[[ Entries shown open ]]
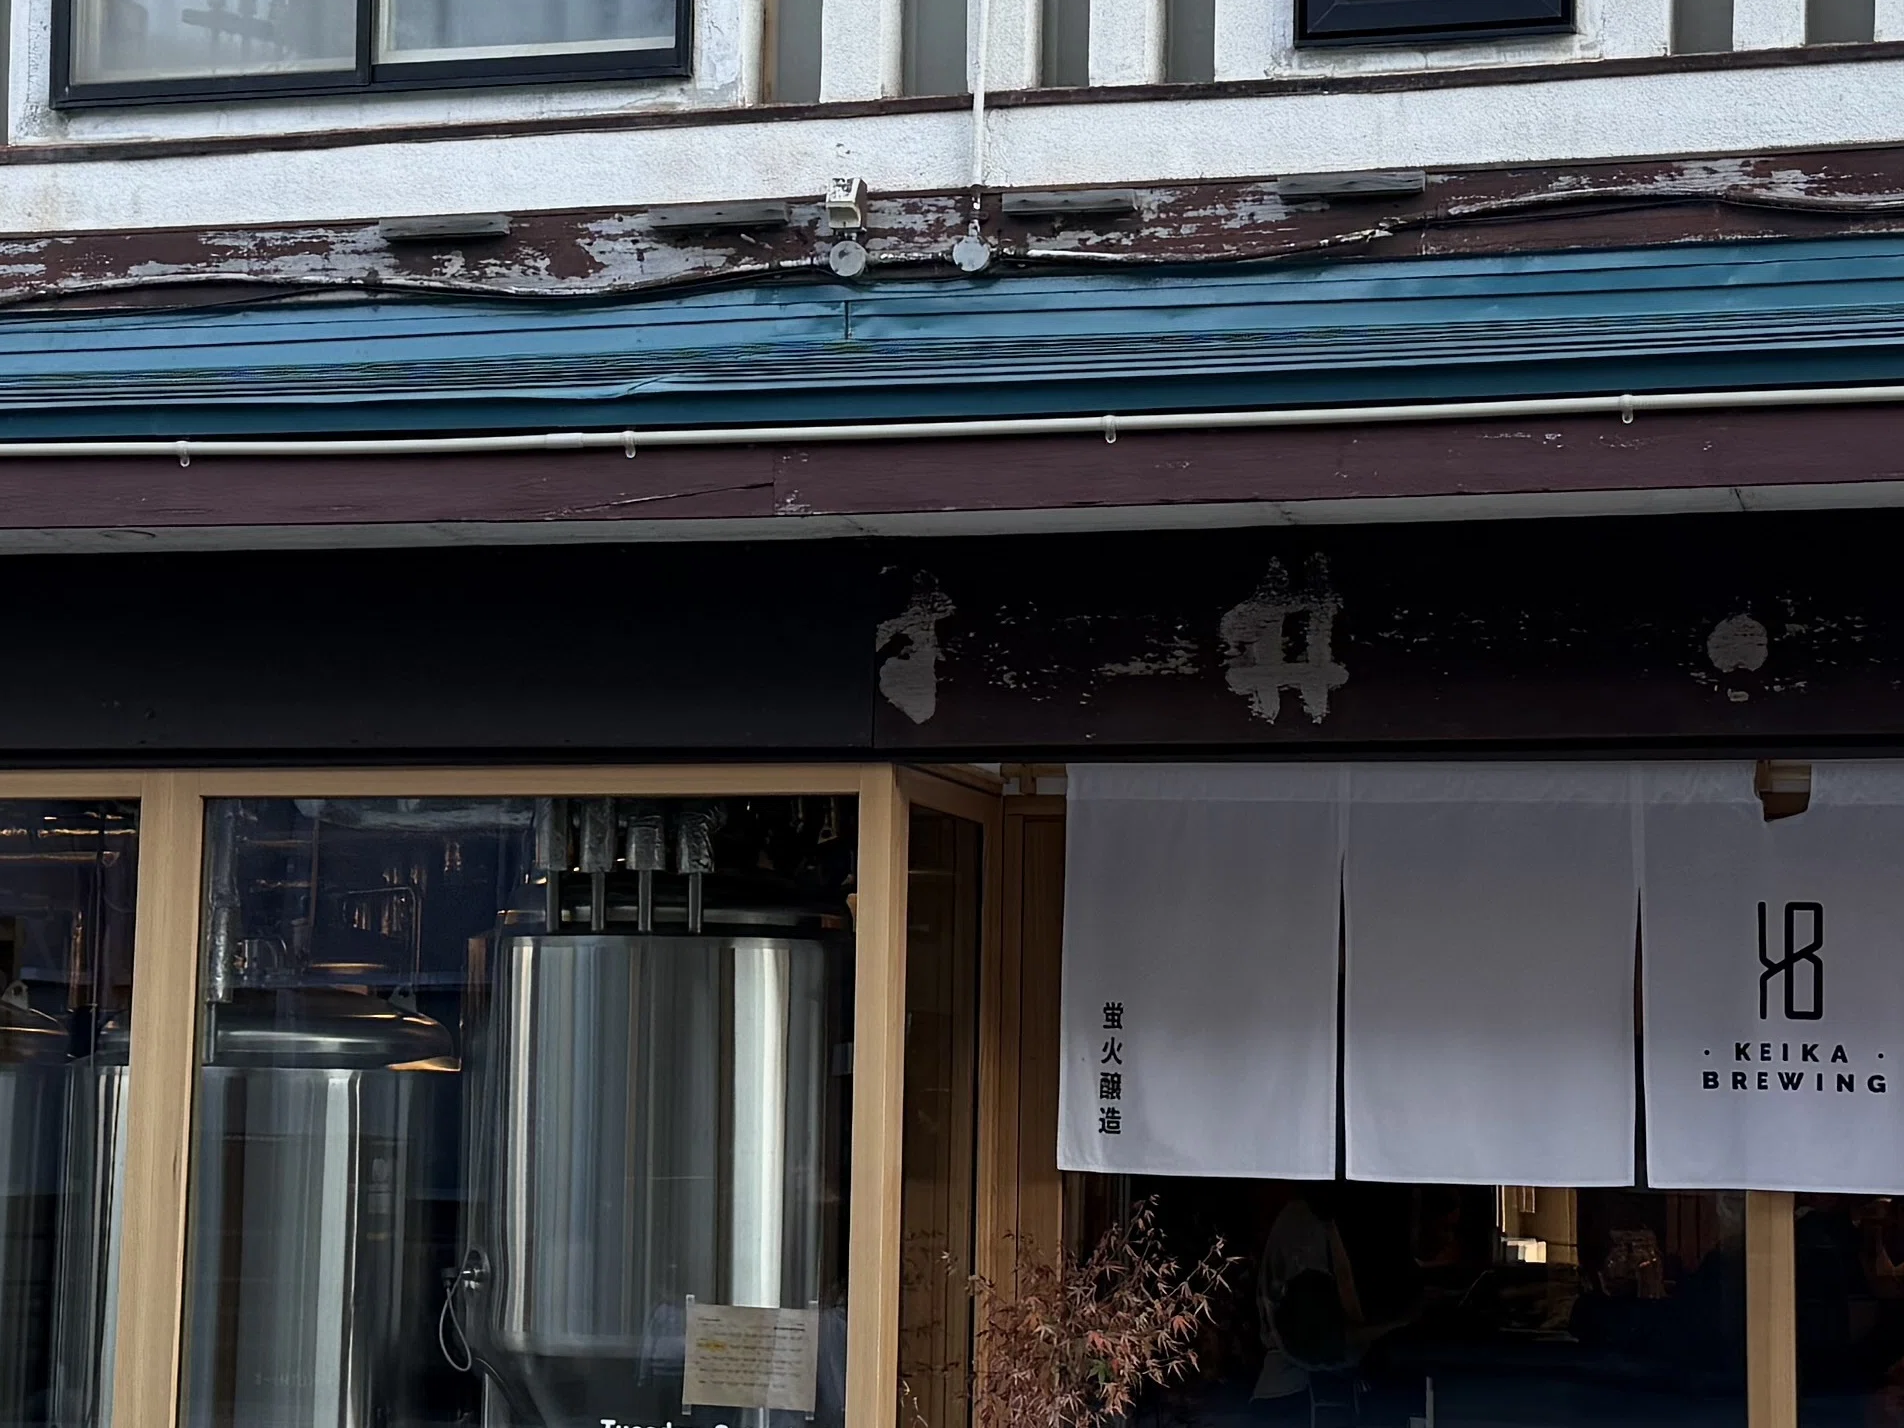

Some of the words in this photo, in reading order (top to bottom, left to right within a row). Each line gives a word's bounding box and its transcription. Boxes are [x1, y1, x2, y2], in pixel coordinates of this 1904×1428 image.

[1734, 1042, 1848, 1063] KEIKA
[1098, 1001, 1124, 1135] 蛍火醸造
[1702, 1070, 1886, 1093] BREWING
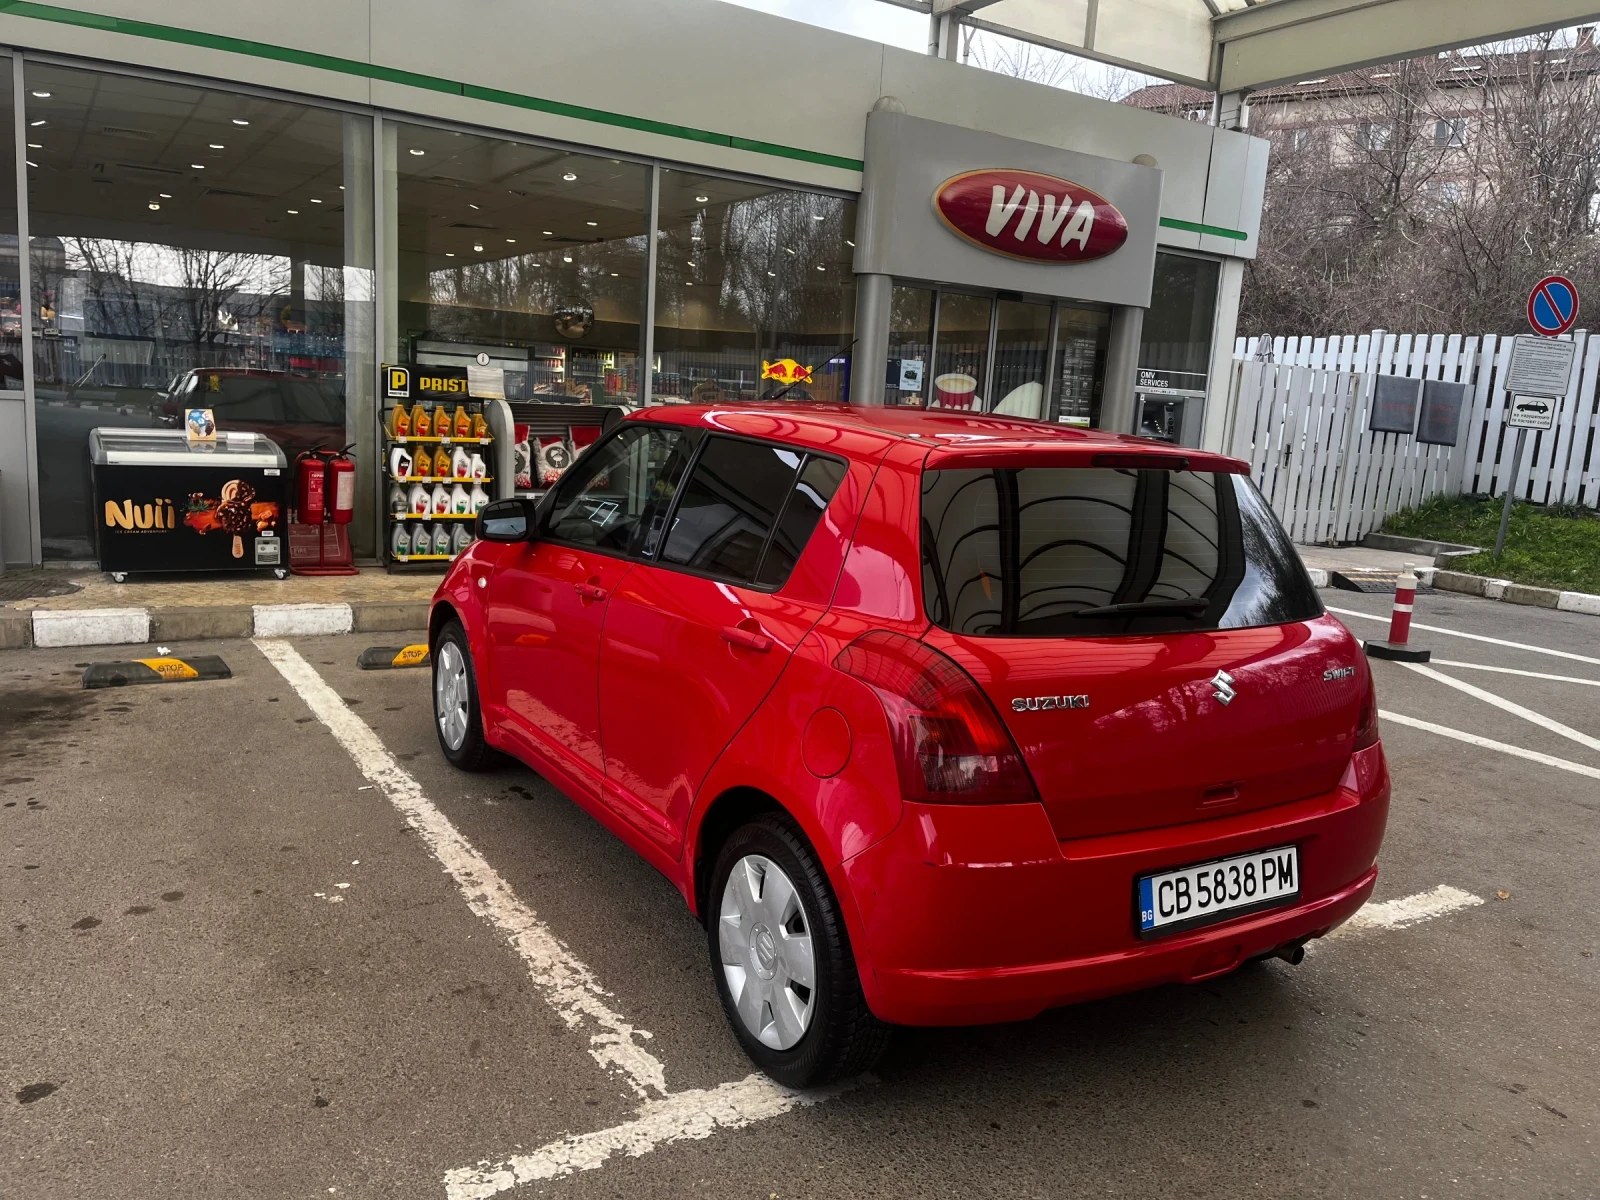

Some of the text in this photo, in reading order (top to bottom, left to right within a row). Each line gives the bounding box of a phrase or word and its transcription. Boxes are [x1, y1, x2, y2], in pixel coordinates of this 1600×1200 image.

[985, 183, 1095, 252] VIVA
[1140, 371, 1156, 379] OMV
[420, 377, 468, 392] PRIST
[1140, 379, 1169, 388] SERVICES
[105, 497, 175, 530] Nuii
[402, 650, 422, 660] STOP
[157, 664, 184, 673] STOP
[1322, 665, 1356, 683] SWIFT
[1011, 694, 1090, 712] SUZUKI
[1141, 853, 1294, 923] BG CB 5838 PM
[[ Entries shown closed ]]
# Exercise
Copy the records exactly as they appear, leaving every picture out.

# Solution
Some of the words in this photo, in reading order (top to bottom, left to right within a row). Each line gives a word's bounding box and its transcription. Boxes are [x1, y1, x2, y2], in pixel coordinates of this 1904×1428 image.

[1734, 1042, 1848, 1063] KEIKA
[1098, 1001, 1124, 1135] 蛍火醸造
[1702, 1070, 1886, 1093] BREWING

Some of the text in this photo, in reading order (top to bottom, left to right within a row). Each line gives the bounding box of a phrase or word and its transcription. Boxes are [x1, y1, x2, y2], in pixel coordinates of this 1600×1200 image.

[985, 183, 1095, 252] VIVA
[1140, 371, 1156, 379] OMV
[420, 377, 468, 392] PRIST
[1140, 379, 1169, 388] SERVICES
[105, 497, 175, 530] Nuii
[402, 650, 422, 660] STOP
[157, 664, 184, 673] STOP
[1322, 665, 1356, 683] SWIFT
[1011, 694, 1090, 712] SUZUKI
[1141, 853, 1294, 923] BG CB 5838 PM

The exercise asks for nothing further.